I won’t lie to you and tell you it’s easy though. It does take work. You have to make phone calls and send emails and give money and register with organizations and settle accounts and think ahead. But if it’s what you want, those things will hardly keep you from being obedient to its allure. In fact, holding a higher pursuit in mind can be a powerful motivation for us to endure temporary unpleasantness in order to obtain the substance of our hope.
The question we must return to is this: what needs to be done today in order to take another step towards that end?
It’s our daily way of grabbing a fork and chewing.
What is it you really want out of life? In what ways are you acting to pursue those desires?
Sometime in the last two years, I’ve noticed a shift in my perspective. I’ve started taking note of where I’m headed, breaking down my goals into practical steps of attainment. In essence, I’ve stopped waiting for others to tell me how life is supposed to look. I now believe life is bound simply by our creativity and willingness to work to how that plays.
If you’re waiting for permission to go after your dreams, consider the permission granted. Not just from some lowly writer like me, either. By everyone else counting on you to live fully alive so that you can make the most significant mark for good possible. If we wait for others to tell us what life looks like, we’ll end up pursuing “happiness” down all the wrong rabbit holes only to find someone else’s idea of happiness there.
We’ll miss out on the life made for us and call it business as usual.
It’s far too easy to let our days slip into routines of survival and the maintenance of our comforts and pleasures. Where words like discovery, risk, betterment, growth, and fulfillment get watered down to ideas we read about in books or on blogs instead of lived realities. Whatever is keeping us from taking hold of life in its fullest capacity, I pray we can summon the courage to sacrifice what is good for the better which waits.
Owning Our Experiences
After the third breakdown in my campervan trip across New Zealand, I was over it. Weeks went by with me worried that it would happen again in a place where I would be stranded beyond help. I was unsettled. I was on edge. And somewhere in the midst of it all, I realized my experiences were being stolen from me because I was consumed by failed expectations.
This isn’t how it was supposed to go.
Been there? You know that bit? What are our options here? What are we left with?
One day I decided to not let the unknown get under my skin. My perceptions of “bad” or “good” circumstances were replaced by a receptivity and a trust that whatever happened, it was not only unchangeable, but a possibility for me to learn something. I took ownership of my choices and their consequences; my fate and lot. Doing so has freed me from being paralyzed by worry, doubt, and fear. Sure they linger in some form or another, but I am no slave to them.

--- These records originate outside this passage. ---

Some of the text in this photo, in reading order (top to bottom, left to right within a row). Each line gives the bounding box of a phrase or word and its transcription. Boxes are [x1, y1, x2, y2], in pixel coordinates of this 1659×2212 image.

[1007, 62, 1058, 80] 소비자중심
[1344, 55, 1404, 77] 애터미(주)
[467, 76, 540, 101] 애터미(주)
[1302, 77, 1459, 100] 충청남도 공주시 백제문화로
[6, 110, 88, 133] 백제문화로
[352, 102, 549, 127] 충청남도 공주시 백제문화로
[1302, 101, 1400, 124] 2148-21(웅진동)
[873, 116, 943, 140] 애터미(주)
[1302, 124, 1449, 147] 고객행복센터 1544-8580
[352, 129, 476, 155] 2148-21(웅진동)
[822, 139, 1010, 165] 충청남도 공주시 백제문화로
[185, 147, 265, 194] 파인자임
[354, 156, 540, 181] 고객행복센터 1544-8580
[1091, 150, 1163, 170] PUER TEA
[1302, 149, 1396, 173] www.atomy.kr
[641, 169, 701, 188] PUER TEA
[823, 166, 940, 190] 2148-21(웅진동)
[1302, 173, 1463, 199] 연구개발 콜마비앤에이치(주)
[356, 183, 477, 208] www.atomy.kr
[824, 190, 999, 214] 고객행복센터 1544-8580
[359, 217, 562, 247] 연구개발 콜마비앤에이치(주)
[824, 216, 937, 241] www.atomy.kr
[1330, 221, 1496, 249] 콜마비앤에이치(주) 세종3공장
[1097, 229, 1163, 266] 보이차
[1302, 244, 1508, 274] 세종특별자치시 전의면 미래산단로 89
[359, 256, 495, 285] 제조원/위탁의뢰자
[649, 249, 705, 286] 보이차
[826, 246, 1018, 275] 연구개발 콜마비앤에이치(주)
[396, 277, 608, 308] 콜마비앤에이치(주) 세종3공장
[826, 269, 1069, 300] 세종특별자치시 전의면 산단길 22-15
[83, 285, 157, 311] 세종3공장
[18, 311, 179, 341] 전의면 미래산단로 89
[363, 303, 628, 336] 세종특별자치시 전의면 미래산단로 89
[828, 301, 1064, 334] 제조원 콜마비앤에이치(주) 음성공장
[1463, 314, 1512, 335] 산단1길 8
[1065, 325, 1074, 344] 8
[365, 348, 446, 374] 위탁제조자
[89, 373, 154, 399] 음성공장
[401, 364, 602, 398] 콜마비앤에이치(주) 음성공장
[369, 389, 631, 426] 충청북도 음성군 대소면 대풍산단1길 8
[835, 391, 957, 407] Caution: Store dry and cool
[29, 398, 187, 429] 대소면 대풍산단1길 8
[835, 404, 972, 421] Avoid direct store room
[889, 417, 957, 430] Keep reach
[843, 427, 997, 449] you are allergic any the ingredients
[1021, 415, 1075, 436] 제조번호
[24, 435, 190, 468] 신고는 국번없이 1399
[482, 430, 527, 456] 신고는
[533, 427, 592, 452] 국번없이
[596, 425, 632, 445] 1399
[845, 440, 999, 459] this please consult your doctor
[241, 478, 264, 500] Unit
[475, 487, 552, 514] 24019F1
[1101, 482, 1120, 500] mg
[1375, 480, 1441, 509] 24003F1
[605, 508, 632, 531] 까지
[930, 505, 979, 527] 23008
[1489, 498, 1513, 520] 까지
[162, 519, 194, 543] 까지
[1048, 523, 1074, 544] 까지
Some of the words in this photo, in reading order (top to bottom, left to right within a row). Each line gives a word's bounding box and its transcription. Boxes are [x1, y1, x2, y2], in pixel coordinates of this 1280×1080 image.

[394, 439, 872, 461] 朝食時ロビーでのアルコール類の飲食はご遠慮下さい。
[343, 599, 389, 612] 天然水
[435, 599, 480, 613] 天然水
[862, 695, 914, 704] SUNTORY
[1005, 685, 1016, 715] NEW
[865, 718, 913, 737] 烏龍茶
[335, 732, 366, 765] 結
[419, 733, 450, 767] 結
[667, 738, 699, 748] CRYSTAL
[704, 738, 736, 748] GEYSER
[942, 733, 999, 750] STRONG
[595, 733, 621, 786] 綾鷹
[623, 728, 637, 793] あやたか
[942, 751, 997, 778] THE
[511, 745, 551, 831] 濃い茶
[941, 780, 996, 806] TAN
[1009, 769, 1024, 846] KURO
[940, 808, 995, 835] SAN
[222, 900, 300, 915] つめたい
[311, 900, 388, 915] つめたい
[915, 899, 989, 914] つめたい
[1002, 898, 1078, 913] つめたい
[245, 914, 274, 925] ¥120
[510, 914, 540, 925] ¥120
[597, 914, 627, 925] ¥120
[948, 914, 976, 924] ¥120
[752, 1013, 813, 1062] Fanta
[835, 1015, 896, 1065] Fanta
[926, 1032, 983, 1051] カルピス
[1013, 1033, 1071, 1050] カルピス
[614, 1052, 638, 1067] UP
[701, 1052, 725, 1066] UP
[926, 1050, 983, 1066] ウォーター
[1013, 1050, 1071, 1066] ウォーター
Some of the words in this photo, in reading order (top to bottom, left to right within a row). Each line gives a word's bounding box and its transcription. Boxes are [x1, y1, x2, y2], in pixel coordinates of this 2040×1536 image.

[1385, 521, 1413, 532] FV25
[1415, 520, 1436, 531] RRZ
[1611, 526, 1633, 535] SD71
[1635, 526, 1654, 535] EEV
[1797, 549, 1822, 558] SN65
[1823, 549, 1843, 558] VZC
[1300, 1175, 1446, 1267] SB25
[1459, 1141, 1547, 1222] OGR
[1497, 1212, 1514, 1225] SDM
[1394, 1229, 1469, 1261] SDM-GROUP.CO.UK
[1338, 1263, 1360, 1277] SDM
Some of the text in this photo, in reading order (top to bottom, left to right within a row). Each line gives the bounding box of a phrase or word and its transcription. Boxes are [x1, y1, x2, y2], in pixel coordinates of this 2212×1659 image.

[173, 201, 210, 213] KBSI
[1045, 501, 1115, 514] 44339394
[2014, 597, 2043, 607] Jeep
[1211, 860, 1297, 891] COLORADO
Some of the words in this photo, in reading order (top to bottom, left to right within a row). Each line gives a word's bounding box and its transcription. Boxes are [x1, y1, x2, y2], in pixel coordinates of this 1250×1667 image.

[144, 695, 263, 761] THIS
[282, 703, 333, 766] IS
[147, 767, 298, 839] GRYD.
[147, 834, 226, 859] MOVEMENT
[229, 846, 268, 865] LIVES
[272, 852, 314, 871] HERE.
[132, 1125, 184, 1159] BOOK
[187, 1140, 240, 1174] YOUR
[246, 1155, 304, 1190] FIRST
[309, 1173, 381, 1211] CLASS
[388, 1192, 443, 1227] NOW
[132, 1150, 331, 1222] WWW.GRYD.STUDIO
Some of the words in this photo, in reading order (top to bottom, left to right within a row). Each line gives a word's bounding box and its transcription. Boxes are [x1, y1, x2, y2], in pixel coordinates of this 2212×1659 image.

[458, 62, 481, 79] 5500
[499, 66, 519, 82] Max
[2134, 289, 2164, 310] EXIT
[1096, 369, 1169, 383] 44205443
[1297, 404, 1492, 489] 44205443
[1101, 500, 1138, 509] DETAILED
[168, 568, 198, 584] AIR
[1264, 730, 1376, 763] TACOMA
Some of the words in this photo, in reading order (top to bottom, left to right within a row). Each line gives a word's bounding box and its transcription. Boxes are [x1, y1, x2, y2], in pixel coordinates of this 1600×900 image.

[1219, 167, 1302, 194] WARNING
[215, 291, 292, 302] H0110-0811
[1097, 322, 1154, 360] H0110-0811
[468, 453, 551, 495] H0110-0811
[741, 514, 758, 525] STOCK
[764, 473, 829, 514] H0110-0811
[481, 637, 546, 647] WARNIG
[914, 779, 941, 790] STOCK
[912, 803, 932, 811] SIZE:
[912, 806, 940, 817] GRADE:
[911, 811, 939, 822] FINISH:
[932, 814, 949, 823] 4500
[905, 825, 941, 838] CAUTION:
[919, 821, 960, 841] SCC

With awareness, discipline, and wise mentors, we can stop blaming or mourning our experiences. We can grow from them instead and in time, learn to appreciate not just the days where all goes our way, but also those which test and push us beyond our limits.
Once I turn my eyes from my engine light to the mountains, the ocean, and the trees, my world brightens as my heart embraces peace. And for this moment, it is enough.
For this moment, I choose to seize the day.
Travel and all her beauty, her gifts, her surprises, don’t just happen. We must make it so. Whatever our goals, whatever our desires for this life, whatever has been placed in our hearts to pursue, whatever gifts and talents given us, it’s on us to take initiative, to give ourselves permission, and to own our experiences. Otherwise, we’ll never make it past an unsatisfied version of normalcy.
A normalcy without metaphoric elephants.
And honestly, what kind of life is that?